La mancanza di sicurezza nei luoghi di lavoro in Italia, con oltre mille vittime annuali, crea un terreno fertile per l'infiltrazione mafiosa. L'ANM chiede maggiore attenzione e investimenti per proteggere i lavoratori e contrastare la criminalità.
Sicurezza sul lavoro: un problema grave
La criminalità organizzata trae vantaggio dalla precarietà lavorativa. La carenza di opportunità e la scarsa tutela creano un ambiente favorevole alle mafie. Questo è quanto emerge dalle parole di Giuseppe Tango, presidente dell'Associazione Nazionale Magistrati (ANM).
Il numero di incidenti mortali sul lavoro è allarmante. Secondo dati recenti dell'INAIL, si registrano oltre mille decessi ogni anno. Questo significa circa tre vittime al giorno. Inoltre, una persona risulta ferita ogni cinquanta secondi. Questi numeri sono paragonabili a quelli di un conflitto bellico.
Dietro queste statistiche si celano storie di vite interrotte. Famiglie intere vengono distrutte da queste tragedie. Molti lavoratori operano senza un'adeguata formazione. Altri non ricevono visite mediche preventive necessarie. La tutela della salute e della sicurezza dovrebbe essere una priorità assoluta.
L'intervento di Giuseppe Tango a Palermo
Giuseppe Tango ha espresso queste preoccupazioni durante l'assemblea nazionale della CGIL. L'evento si è svolto a Palermo. L'incontro era dedicato alla lotta contro la mafia e la corruzione. La sua analisi collega direttamente la sicurezza lavorativa al contrasto della criminalità organizzata.
«Il lavoro non si fonda solo con proclami o annunci», ha sottolineato Tango. È fondamentale dedicare attenzione concreta alla sua qualità e sicurezza. Purtroppo, questo non sta accadendo con la dovuta intensità. La mancanza di investimenti e controlli efficaci aggrava la situazione.
La mafia prospera dove lo Stato è assente o debole. La precarietà lavorativa e la mancanza di tutele creano vulnerabilità. Queste vulnerabilità vengono sfruttate per fini illeciti. L'ANM chiede un impegno maggiore per garantire condizioni di lavoro dignitose e sicure.
Proposte per un futuro più sicuro
È necessario un cambio di passo deciso. Le istituzioni devono intervenire con misure concrete. L'obiettivo è rafforzare la prevenzione degli infortuni. Bisogna anche garantire una formazione adeguata a tutti i lavoratori. Le visite mediche preventive devono essere rigorose e frequenti.
Investire nella sicurezza sul lavoro significa anche investire nella lotta alla mafia. Creare posti di lavoro stabili e sicuri riduce la dipendenza da circuiti illegali. Offrire prospettive concrete ai giovani e ai lavoratori precari è essenziale. Questo contrasta il reclutamento da parte delle organizzazioni criminali.

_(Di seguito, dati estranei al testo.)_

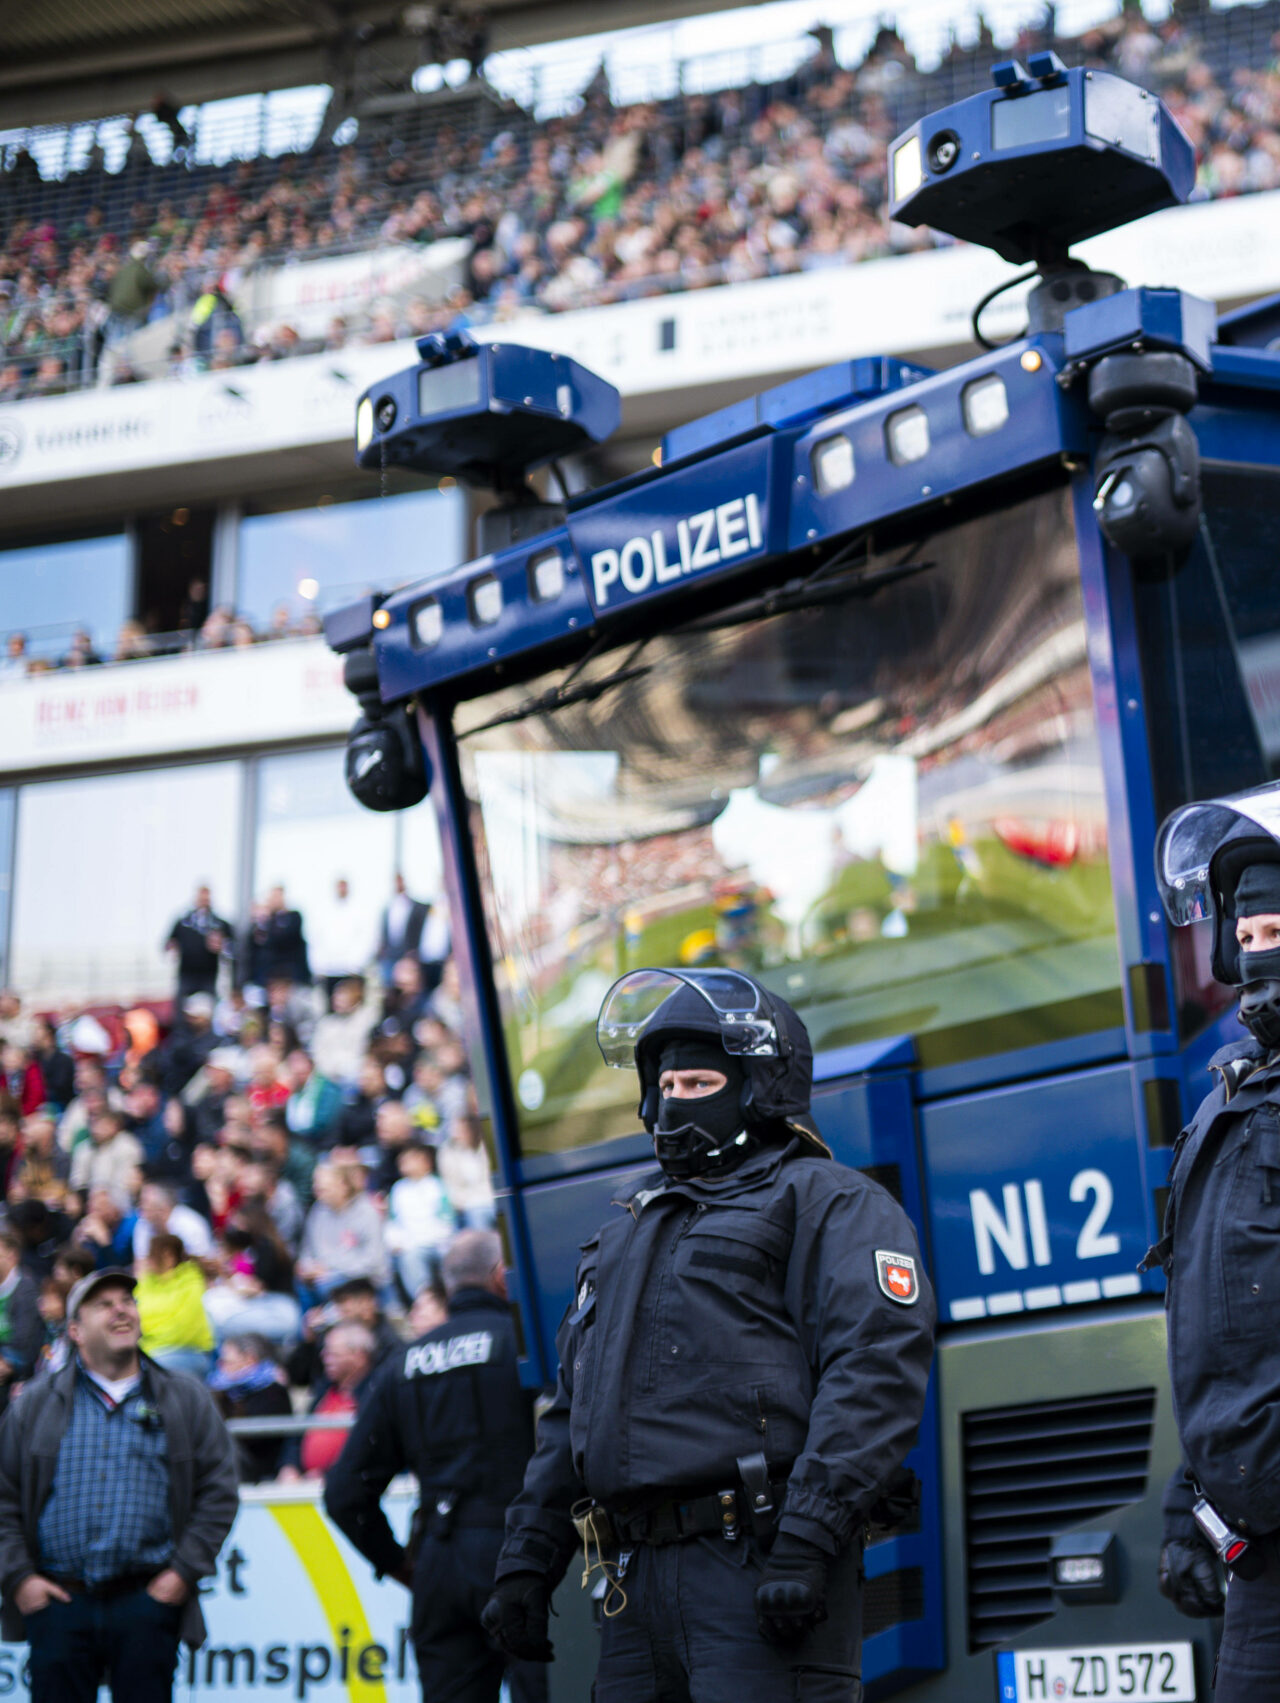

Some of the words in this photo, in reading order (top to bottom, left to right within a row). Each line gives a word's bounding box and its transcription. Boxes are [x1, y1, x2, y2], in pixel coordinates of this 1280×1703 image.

[591, 492, 763, 606] POLIZEI
[969, 1178, 1051, 1275] NI
[1069, 1168, 1121, 1259] 2
[404, 1331, 493, 1380] POLIZEI
[1026, 1659, 1047, 1699] H
[1070, 1656, 1108, 1697] ZD
[1117, 1652, 1177, 1695] 572

La collaborazione tra sindacati, istituzioni e magistratura è cruciale. Solo un fronte comune può affrontare efficacemente queste sfide. La CGIL, con la sua assemblea, dimostra l'importanza di questo dibattito. La sicurezza dei lavoratori è un diritto fondamentale. È anche uno strumento potente per costruire una società più giusta e libera dalla criminalità.

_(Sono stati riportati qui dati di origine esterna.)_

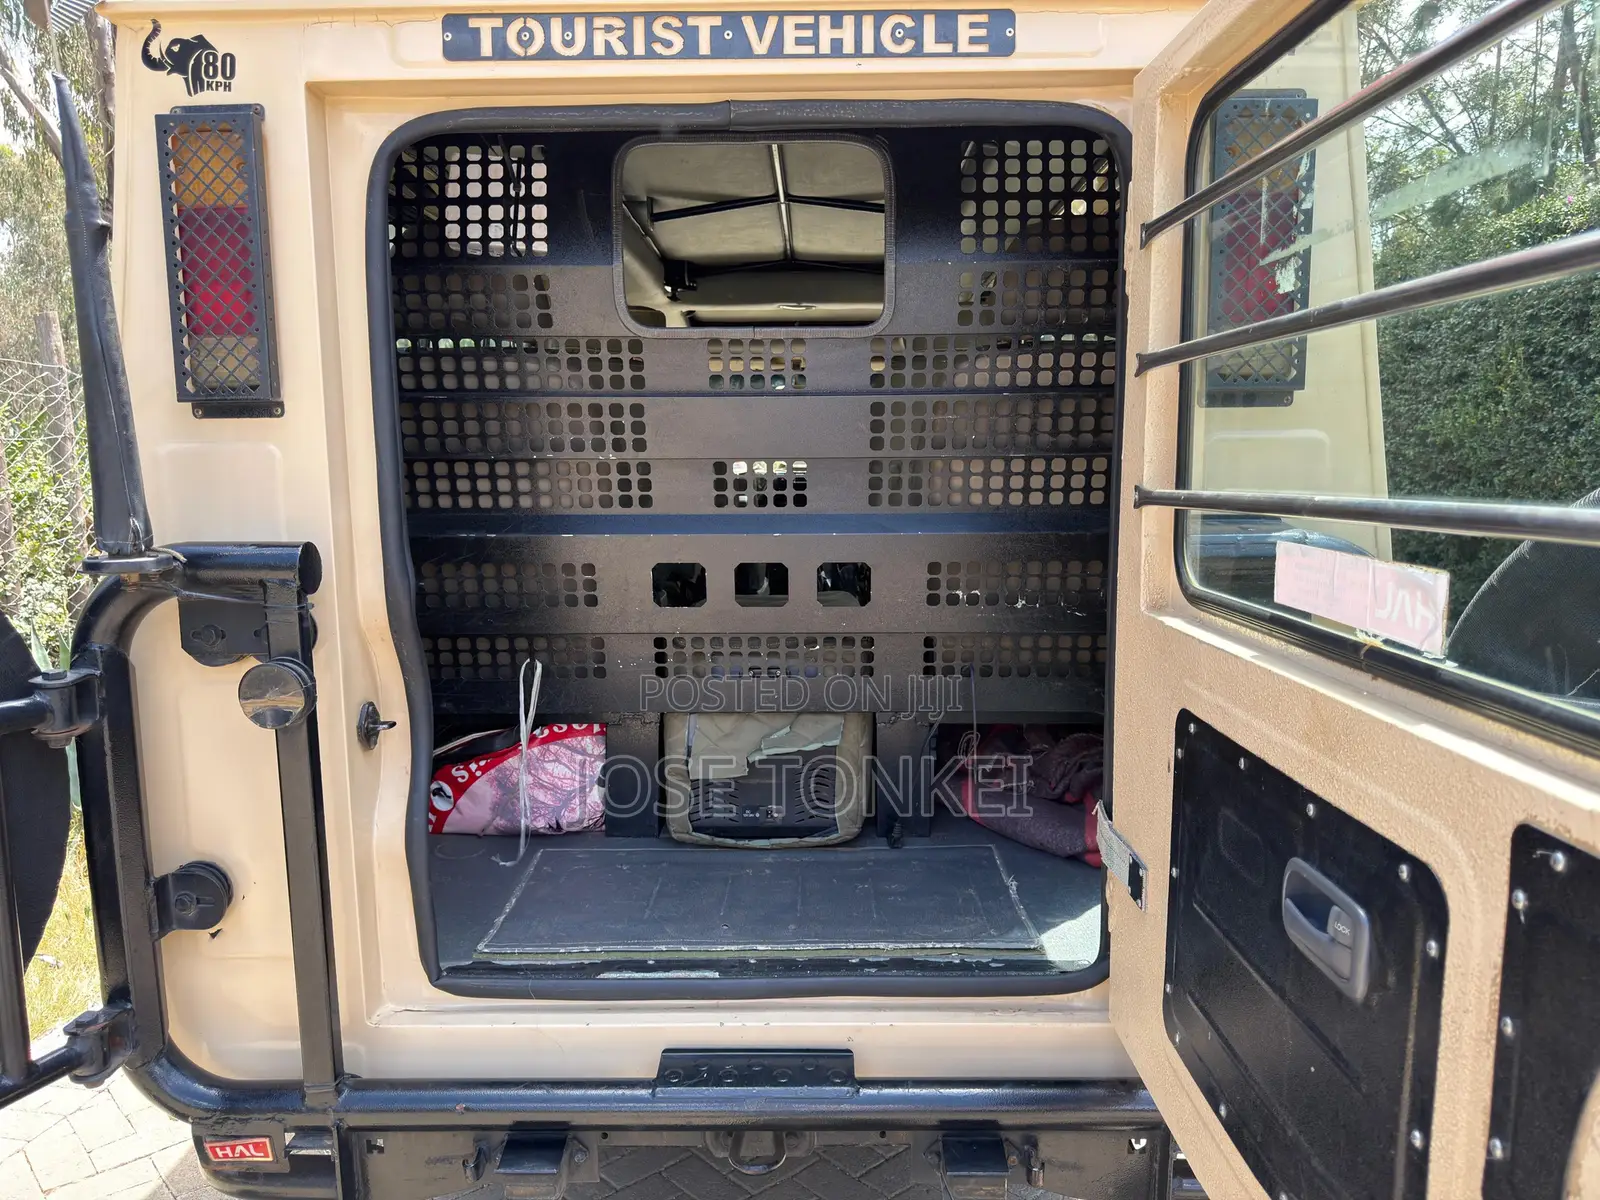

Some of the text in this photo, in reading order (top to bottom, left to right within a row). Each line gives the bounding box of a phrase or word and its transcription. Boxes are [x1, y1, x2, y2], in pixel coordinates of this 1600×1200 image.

[468, 14, 989, 57] TOURIST VEHICLE
[203, 52, 236, 80] 80
[206, 80, 232, 92] KPH
[1334, 921, 1351, 935] LOCK
[215, 1144, 265, 1158] HAL

Le cifre dell'emergenza lavoro
I numeri forniti dall'INAIL sono un campanello d'allarme. Oltre mille morti all'anno rappresentano una strage silenziosa. Ogni infortunio, ogni vita spezzata, è una sconfitta per la società. La mancanza di formazione e controlli adeguati contribuisce a questo bilancio tragico.

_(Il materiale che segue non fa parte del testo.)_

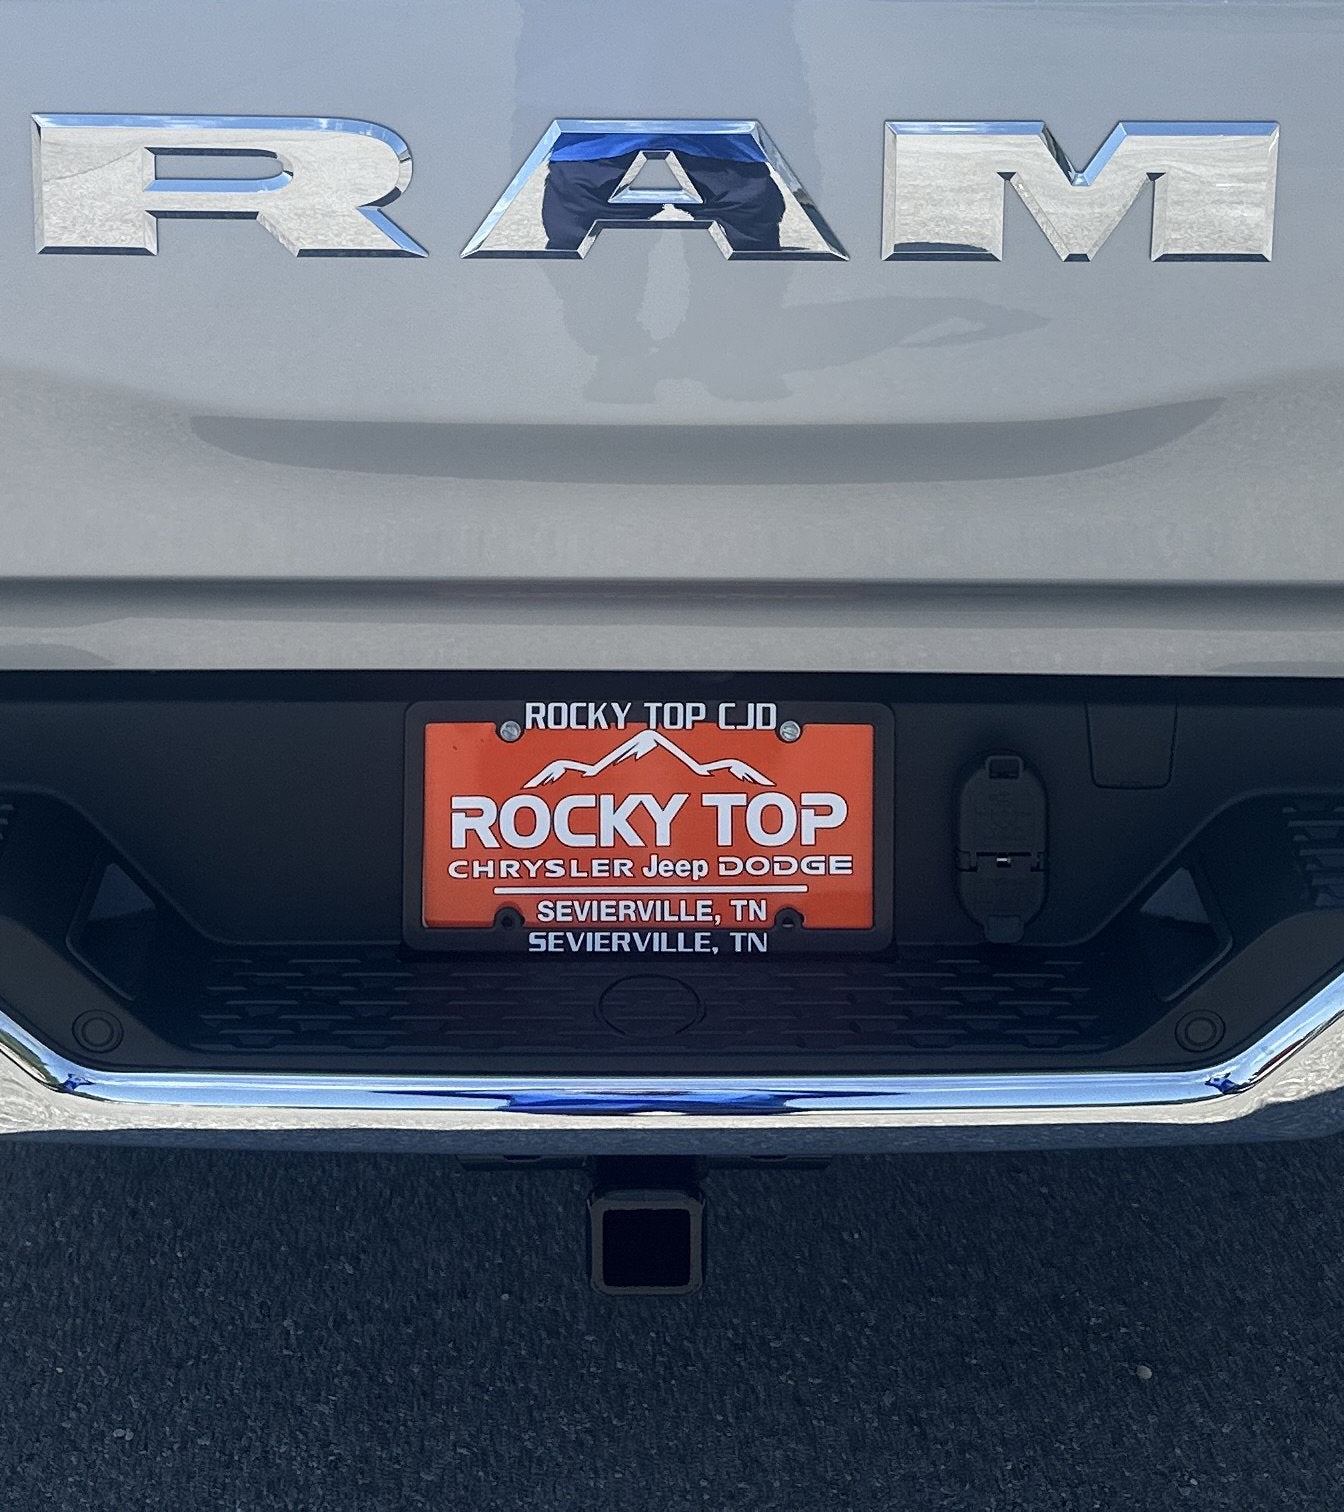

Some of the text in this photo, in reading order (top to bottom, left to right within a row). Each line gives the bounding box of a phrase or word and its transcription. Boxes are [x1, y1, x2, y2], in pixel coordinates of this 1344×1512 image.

[30, 113, 1279, 261] RAM
[524, 701, 777, 730] ROCKY TOP CJD
[450, 791, 850, 849] ROCKY TOP
[448, 854, 853, 881] CHRYSLER Jeep DODGE
[537, 899, 767, 925] SEVIERVILLE, TN
[528, 931, 768, 955] SEVIERVILLE, TN

Giuseppe Tango ha evidenziato come queste condizioni siano terreno fertile per l'espansione mafiosa. Le organizzazioni criminali spesso si infiltrano nei settori dove la manodopera è meno tutelata. Offrono lavoro, ma a condizioni disumane e illegali. Questo crea un circolo vizioso difficile da spezzare.
È imperativo che le politiche del lavoro pongano la sicurezza al primo posto. Non basta creare occupazione. È necessario che questa occupazione sia sicura, dignitosa e legale. La prevenzione deve essere la parola d'ordine. Le aziende devono essere incentivate a rispettare le normative. I controlli devono essere più stringenti ed efficaci.